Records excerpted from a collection
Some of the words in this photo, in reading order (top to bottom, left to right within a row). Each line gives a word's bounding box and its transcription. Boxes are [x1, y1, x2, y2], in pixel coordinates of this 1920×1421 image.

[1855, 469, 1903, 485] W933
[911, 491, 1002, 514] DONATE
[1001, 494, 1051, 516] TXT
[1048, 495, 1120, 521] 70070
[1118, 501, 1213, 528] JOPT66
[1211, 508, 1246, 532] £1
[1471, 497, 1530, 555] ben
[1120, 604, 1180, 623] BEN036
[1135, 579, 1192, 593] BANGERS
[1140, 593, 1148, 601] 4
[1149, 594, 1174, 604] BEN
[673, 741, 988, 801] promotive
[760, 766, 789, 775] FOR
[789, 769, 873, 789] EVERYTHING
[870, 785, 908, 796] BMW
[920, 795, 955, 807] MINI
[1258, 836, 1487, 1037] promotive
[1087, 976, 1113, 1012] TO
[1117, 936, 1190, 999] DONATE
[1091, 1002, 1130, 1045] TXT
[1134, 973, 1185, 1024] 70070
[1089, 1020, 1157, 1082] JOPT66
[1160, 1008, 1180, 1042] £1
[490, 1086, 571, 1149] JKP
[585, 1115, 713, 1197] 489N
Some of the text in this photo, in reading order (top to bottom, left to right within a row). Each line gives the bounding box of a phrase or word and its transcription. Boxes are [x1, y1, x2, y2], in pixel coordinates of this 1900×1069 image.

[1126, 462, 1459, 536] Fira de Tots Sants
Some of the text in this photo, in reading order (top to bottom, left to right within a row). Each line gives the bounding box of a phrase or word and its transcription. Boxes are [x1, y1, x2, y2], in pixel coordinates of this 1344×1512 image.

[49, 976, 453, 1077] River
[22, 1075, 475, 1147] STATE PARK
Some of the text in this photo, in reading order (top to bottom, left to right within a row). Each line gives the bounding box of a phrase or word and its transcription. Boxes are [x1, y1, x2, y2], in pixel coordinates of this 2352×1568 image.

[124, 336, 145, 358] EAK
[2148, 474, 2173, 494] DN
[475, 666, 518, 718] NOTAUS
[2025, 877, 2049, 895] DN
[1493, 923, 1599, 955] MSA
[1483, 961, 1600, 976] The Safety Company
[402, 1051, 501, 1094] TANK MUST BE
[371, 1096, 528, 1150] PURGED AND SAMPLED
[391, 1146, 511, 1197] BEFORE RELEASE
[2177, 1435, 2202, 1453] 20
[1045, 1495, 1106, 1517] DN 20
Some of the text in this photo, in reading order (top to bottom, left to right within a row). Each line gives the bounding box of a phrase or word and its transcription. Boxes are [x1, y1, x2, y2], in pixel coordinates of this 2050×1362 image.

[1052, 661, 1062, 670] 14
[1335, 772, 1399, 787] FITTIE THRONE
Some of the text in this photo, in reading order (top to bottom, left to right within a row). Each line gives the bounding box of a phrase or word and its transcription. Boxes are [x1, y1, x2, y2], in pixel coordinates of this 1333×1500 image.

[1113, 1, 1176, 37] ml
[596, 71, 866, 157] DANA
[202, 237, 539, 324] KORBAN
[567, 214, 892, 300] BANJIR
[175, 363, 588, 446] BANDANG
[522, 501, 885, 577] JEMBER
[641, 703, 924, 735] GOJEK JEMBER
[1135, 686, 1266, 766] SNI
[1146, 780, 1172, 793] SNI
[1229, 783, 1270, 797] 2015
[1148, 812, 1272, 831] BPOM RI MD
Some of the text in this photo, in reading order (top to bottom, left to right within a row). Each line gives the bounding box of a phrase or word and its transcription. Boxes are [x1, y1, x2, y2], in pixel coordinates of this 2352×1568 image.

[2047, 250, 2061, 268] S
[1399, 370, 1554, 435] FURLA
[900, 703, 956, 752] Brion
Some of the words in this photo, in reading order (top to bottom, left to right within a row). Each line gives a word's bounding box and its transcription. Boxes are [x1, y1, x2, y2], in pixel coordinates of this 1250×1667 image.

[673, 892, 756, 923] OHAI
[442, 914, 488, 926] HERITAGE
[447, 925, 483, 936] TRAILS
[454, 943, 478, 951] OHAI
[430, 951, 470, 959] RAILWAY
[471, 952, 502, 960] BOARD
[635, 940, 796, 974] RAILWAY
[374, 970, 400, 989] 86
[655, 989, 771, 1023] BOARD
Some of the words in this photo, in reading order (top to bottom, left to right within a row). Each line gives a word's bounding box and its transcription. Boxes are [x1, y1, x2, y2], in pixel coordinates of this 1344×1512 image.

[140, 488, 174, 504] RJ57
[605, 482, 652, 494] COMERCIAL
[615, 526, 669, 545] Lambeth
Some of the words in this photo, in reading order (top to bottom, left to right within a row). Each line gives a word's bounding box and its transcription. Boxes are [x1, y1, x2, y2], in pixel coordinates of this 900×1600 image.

■ Exercise objective:
Every line from the one that holds "this 1250×1667 image." to the end of the data above should be given again exactly, with that line and the last one both kept.

■ Reply:
Some of the words in this photo, in reading order (top to bottom, left to right within a row). Each line gives a word's bounding box and its transcription. Boxes are [x1, y1, x2, y2], in pixel coordinates of this 1250×1667 image.

[673, 892, 756, 923] OHAI
[442, 914, 488, 926] HERITAGE
[447, 925, 483, 936] TRAILS
[454, 943, 478, 951] OHAI
[430, 951, 470, 959] RAILWAY
[471, 952, 502, 960] BOARD
[635, 940, 796, 974] RAILWAY
[374, 970, 400, 989] 86
[655, 989, 771, 1023] BOARD
Some of the words in this photo, in reading order (top to bottom, left to right within a row). Each line gives a word's bounding box and its transcription. Boxes are [x1, y1, x2, y2], in pixel coordinates of this 1344×1512 image.

[140, 488, 174, 504] RJ57
[605, 482, 652, 494] COMERCIAL
[615, 526, 669, 545] Lambeth
Some of the words in this photo, in reading order (top to bottom, left to right within a row). Each line gives a word's bounding box and its transcription. Boxes are [x1, y1, x2, y2], in pixel coordinates of this 900×1600 image.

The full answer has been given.